Donald Francis Reese (September 4, 1951September 18, 2003) was an American football defensive end who played in the National Football League and the United States Football League. He played professionally for the Miami Dolphins, the New Orleans Saints and the San Diego Chargers and the Birmingham Stallions of the USFL.

Biography
Reese was born in Mobile, Alabama and graduated from Vigor High School in Prichard, Alabama. He played college football at Jackson State University. 

Reese was a 1st round selection (26th overall pick) of the 1974 NFL Draft by the Miami Dolphins. He would go on to play for the Dolphins (1974–1976), the New Orleans Saints (1978–1980), and the San Diego Chargers (1981). In 1985 Reese played for the Birmingham Stallions in the United States Football League.

Reese was suspended for the final four games of the 1980 season by interim coach Dick Stanfel for instigating a fight during a practice with teammate Derland Moore.
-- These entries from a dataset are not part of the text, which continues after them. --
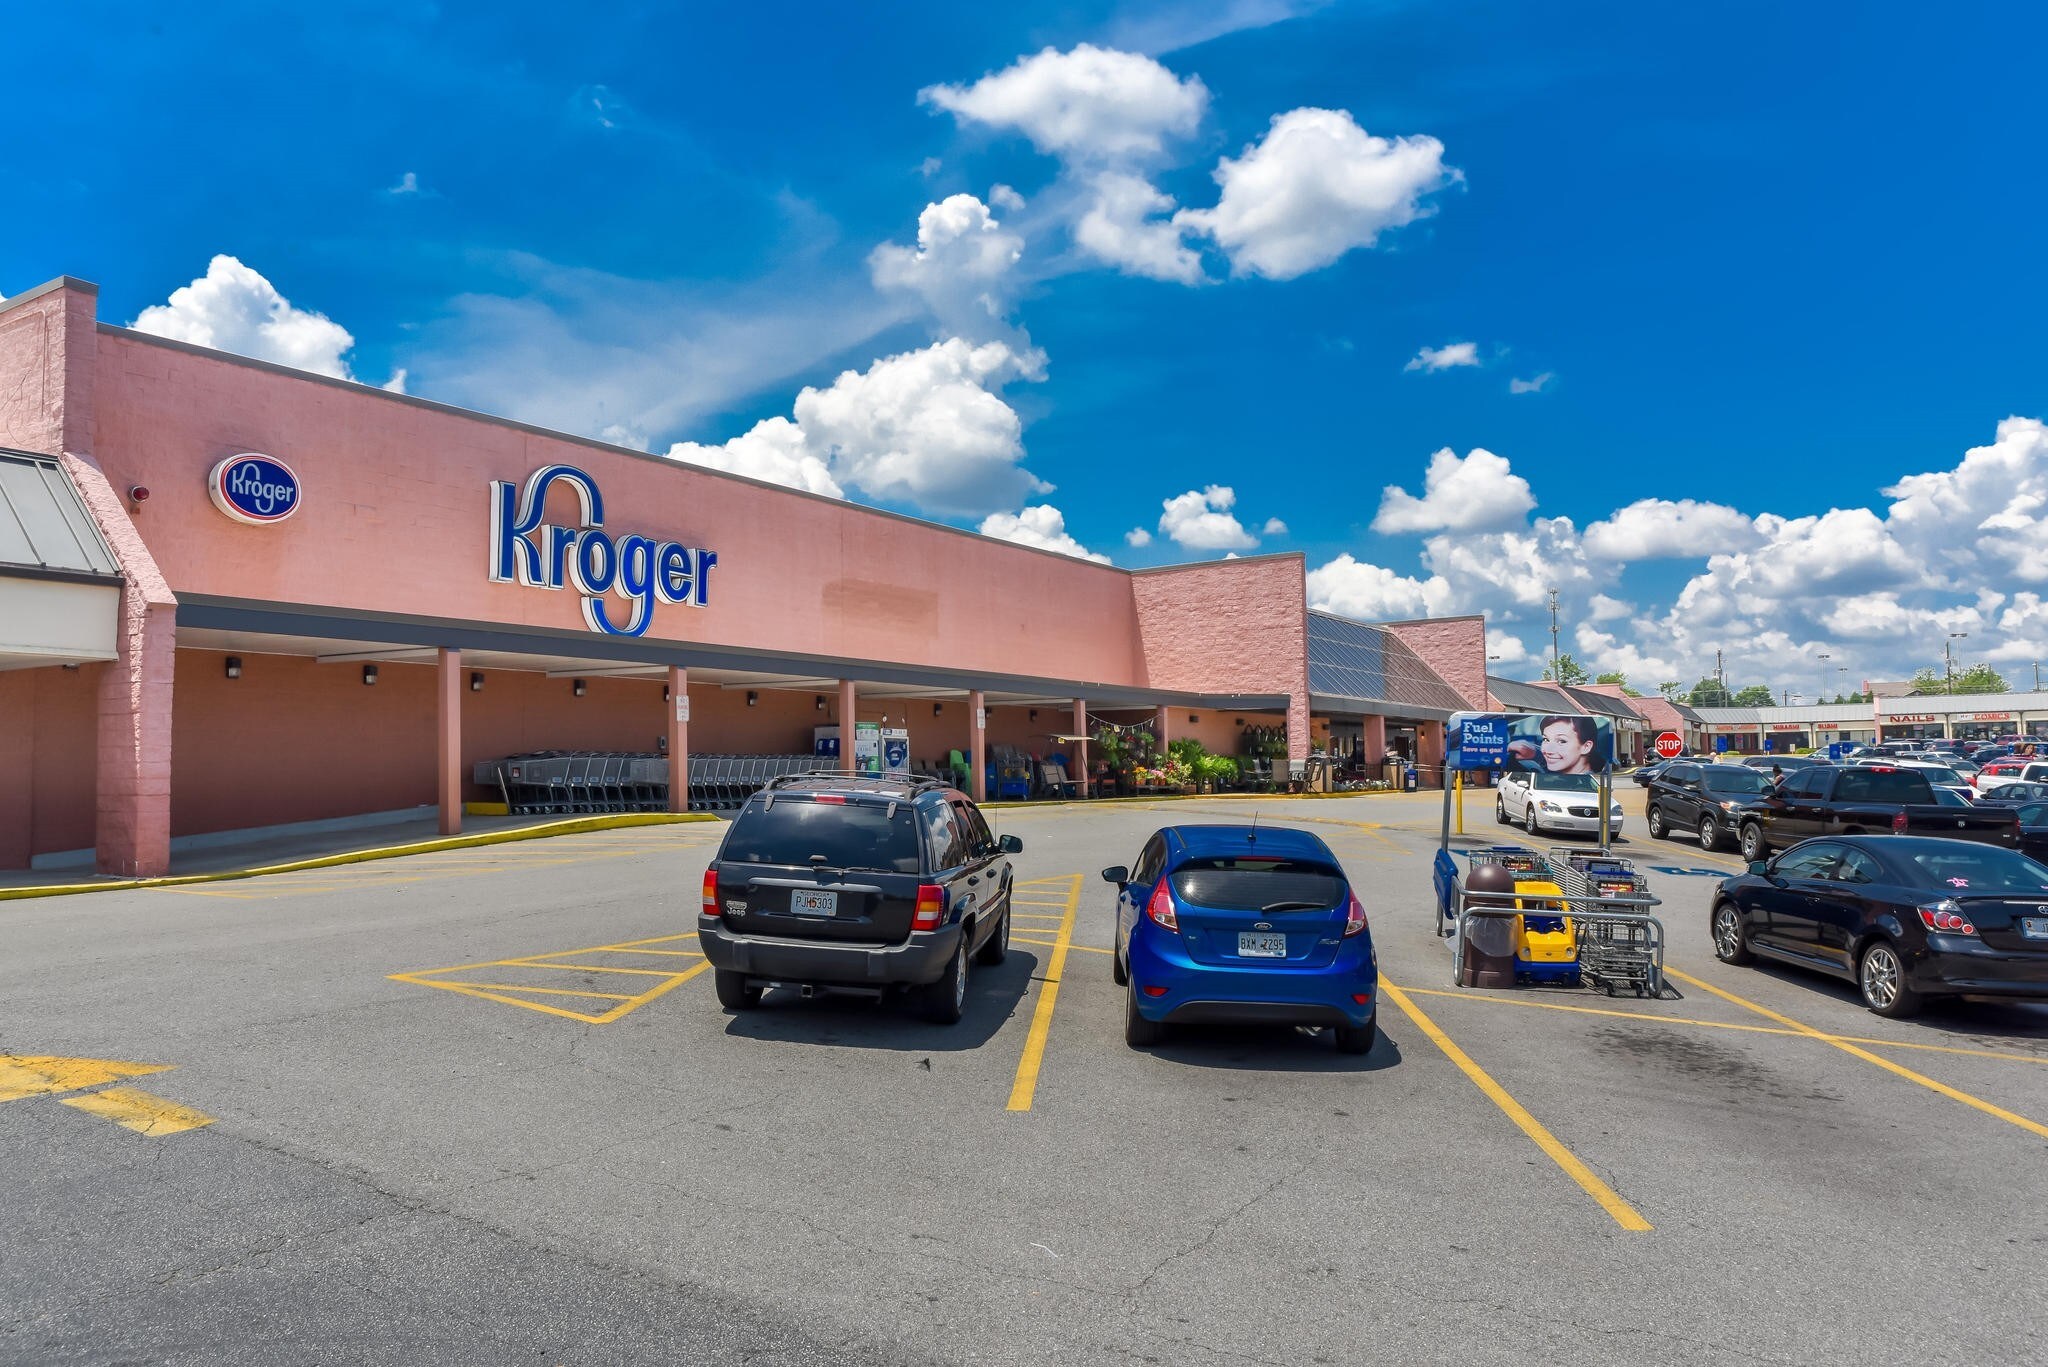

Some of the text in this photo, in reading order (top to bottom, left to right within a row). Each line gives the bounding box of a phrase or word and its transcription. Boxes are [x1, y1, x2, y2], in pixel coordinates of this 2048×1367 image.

[231, 463, 293, 513] Kroger
[490, 464, 718, 638] Kroger
[1889, 714, 1935, 722] NAILS
[1974, 712, 2010, 720] COMICS
[1463, 722, 1493, 733] Fuel
[1462, 733, 1504, 744] Points
[1657, 740, 1680, 750] STOP
[727, 907, 746, 917] Jeep
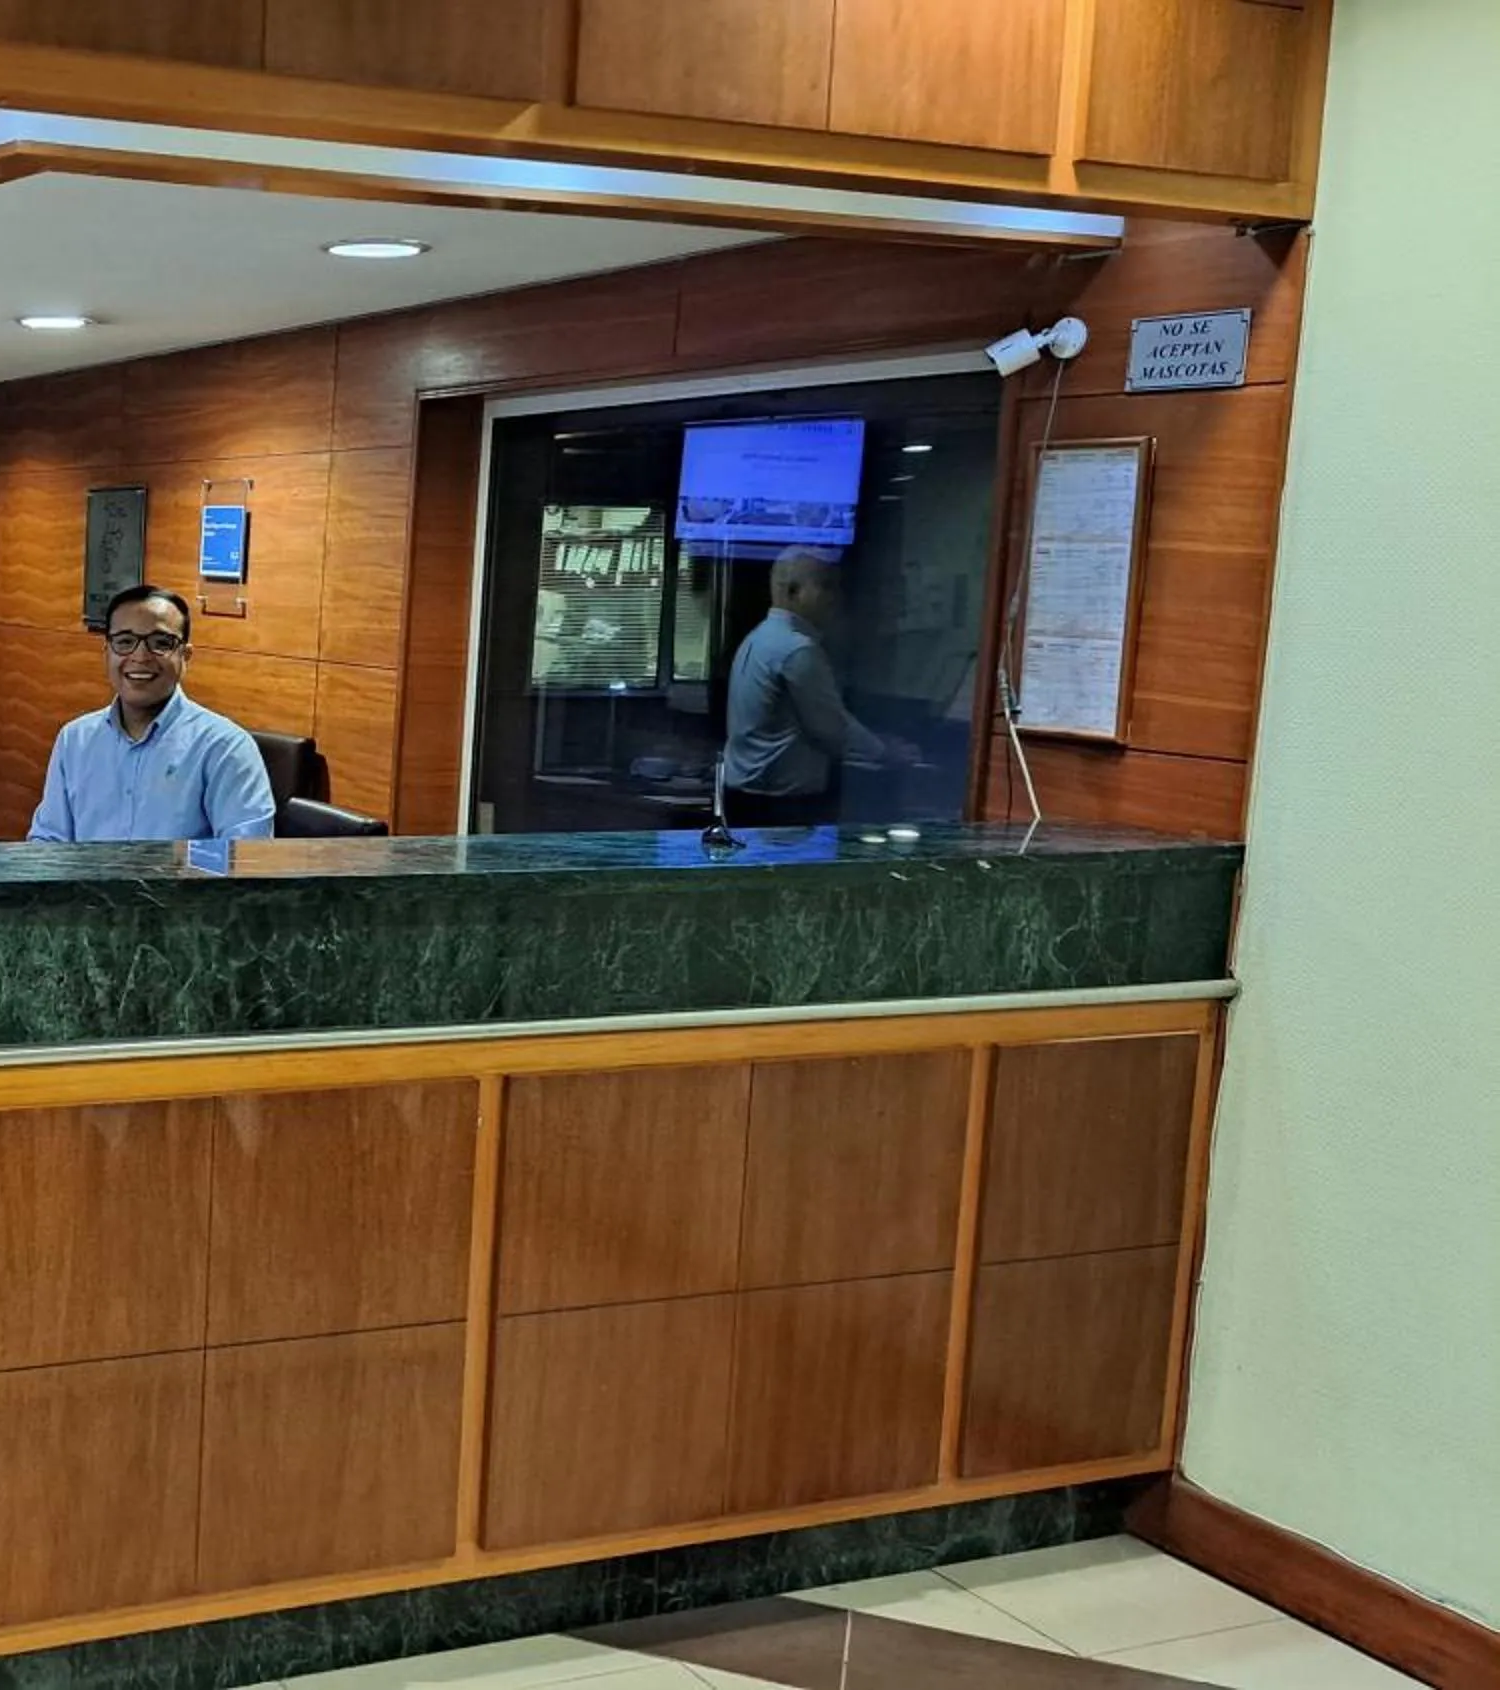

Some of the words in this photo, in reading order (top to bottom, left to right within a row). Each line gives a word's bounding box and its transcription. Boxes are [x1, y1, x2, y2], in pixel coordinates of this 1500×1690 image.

[1161, 322, 1183, 337] NO
[1190, 319, 1213, 335] SE
[1146, 338, 1225, 359] ACEPTAN
[1140, 360, 1229, 381] MASCOTAS
Stanfel was conducting his first practice session as Saints coach after taking over for Dick Nolan, who was fired after the Saints fell to 0-12 in a loss to the Los Angeles Rams on Monday Night Football. New Orleans finished 1-15, becoming the first NFL team to lose 15 games in a season.

In June 1982, Reese penned an extensive piece for Sports Illustrated in which he detailed his struggles with drugs.  This was one of the first looks into the seedy world of money and drug use in the NFL.  .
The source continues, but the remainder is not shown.